Более того, западный исследователь Р. Кларк говорит о своего рода «духовной революции справа»: «Крайник, Савин и Станилое, завершив обучение за границей, полностью революционизировали румынские духовные академии. Современники утверждают, что их учение также создало новую модель духовной жизни в монастырях, а также в настроениях священников и мирян» [Clark, 2009, 3].

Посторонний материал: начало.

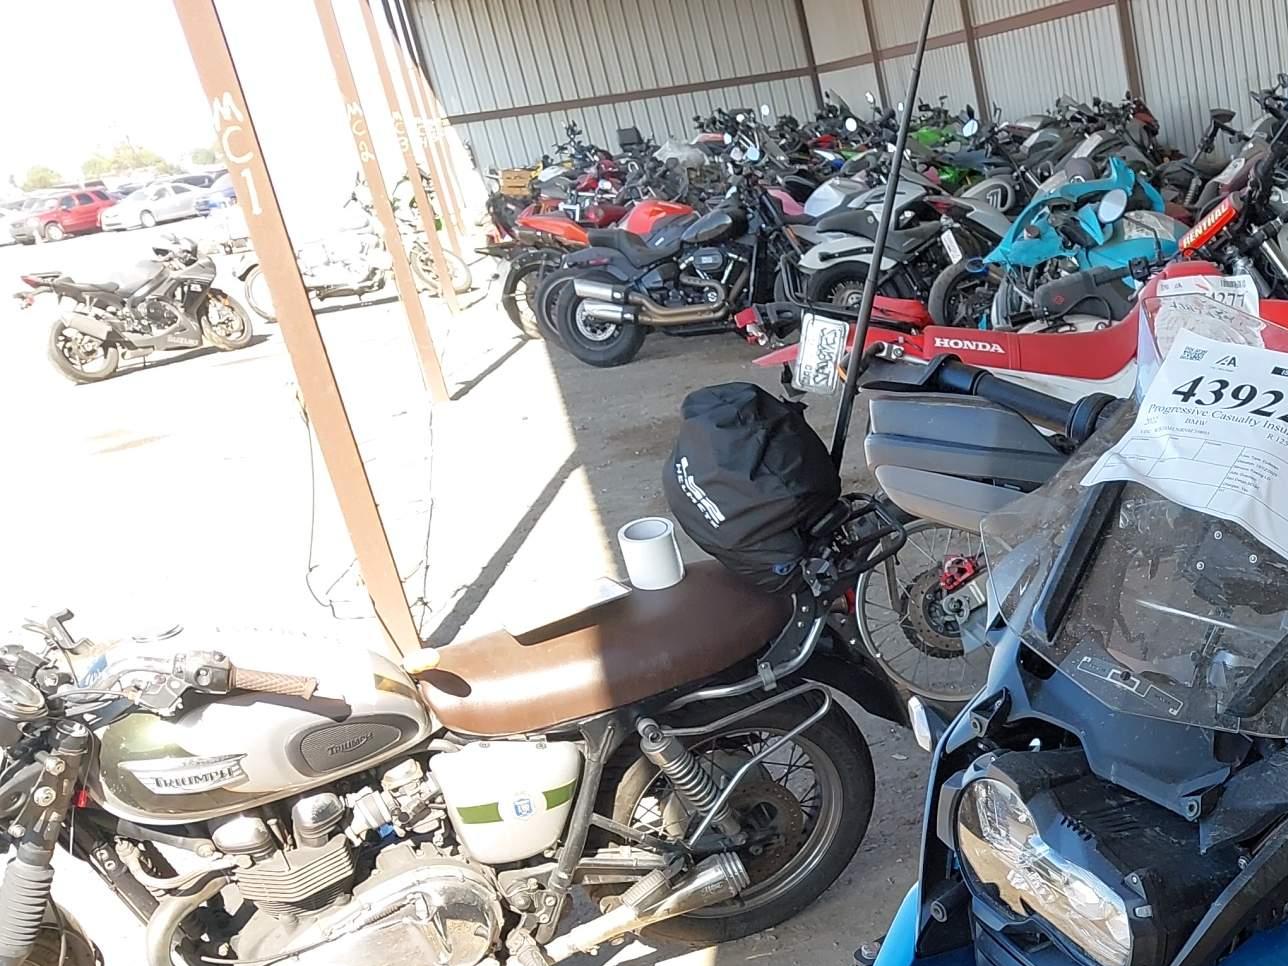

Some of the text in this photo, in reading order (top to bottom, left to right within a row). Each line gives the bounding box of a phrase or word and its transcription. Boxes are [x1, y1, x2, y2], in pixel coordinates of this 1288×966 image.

Р. Кларк подчеркивает, что у мистического национализма есть и своя рациональная убежденность сродни концепциям немецкого идеализма: «Национализм — это убеждение, что нации существуют и что они являются действительными и значимыми сообществами, заслуживающими уважения. Нация, по мнению националиста, — это сплоченная общность со своими этническими связями, общим языком, общей историей и культурой. Националисты часто, хотя и не всегда, ассоциируют свои нации с географически определенными территориями. В этом смысле национализм сродни патриотизму. Разница заключается в уникальной современной концепции нации, которая продвигается националистами. В отличие от старых понятий, таких как оте‐ чество, царство или страна, нации мыслятся ими как сообщества, которые существуют независимо от того, имеют ли они формальную государственность, а типы правления не имеют значения по сравнению с важностью вечной, эксклюзивной коллективной идентичности. Для националиста предположение, что национализм это только современное изобретение часто кажется нелепым, равно как им кажется невозможным наличие людей, не чувствующих своей национальной связи с другими. По Станилое, нация является этически обоснованной онтологической данностью. Националисты воспринимают нации как органические политические сообщества, опираясь на немецких мыслителей-идеалистов, таких как Кант, Фихте и Гегель, которые обосновали способность народов взращивать человека по образу Божьему через коллективную, рациональную и культурную деятельность» [Clark, 2009, 4].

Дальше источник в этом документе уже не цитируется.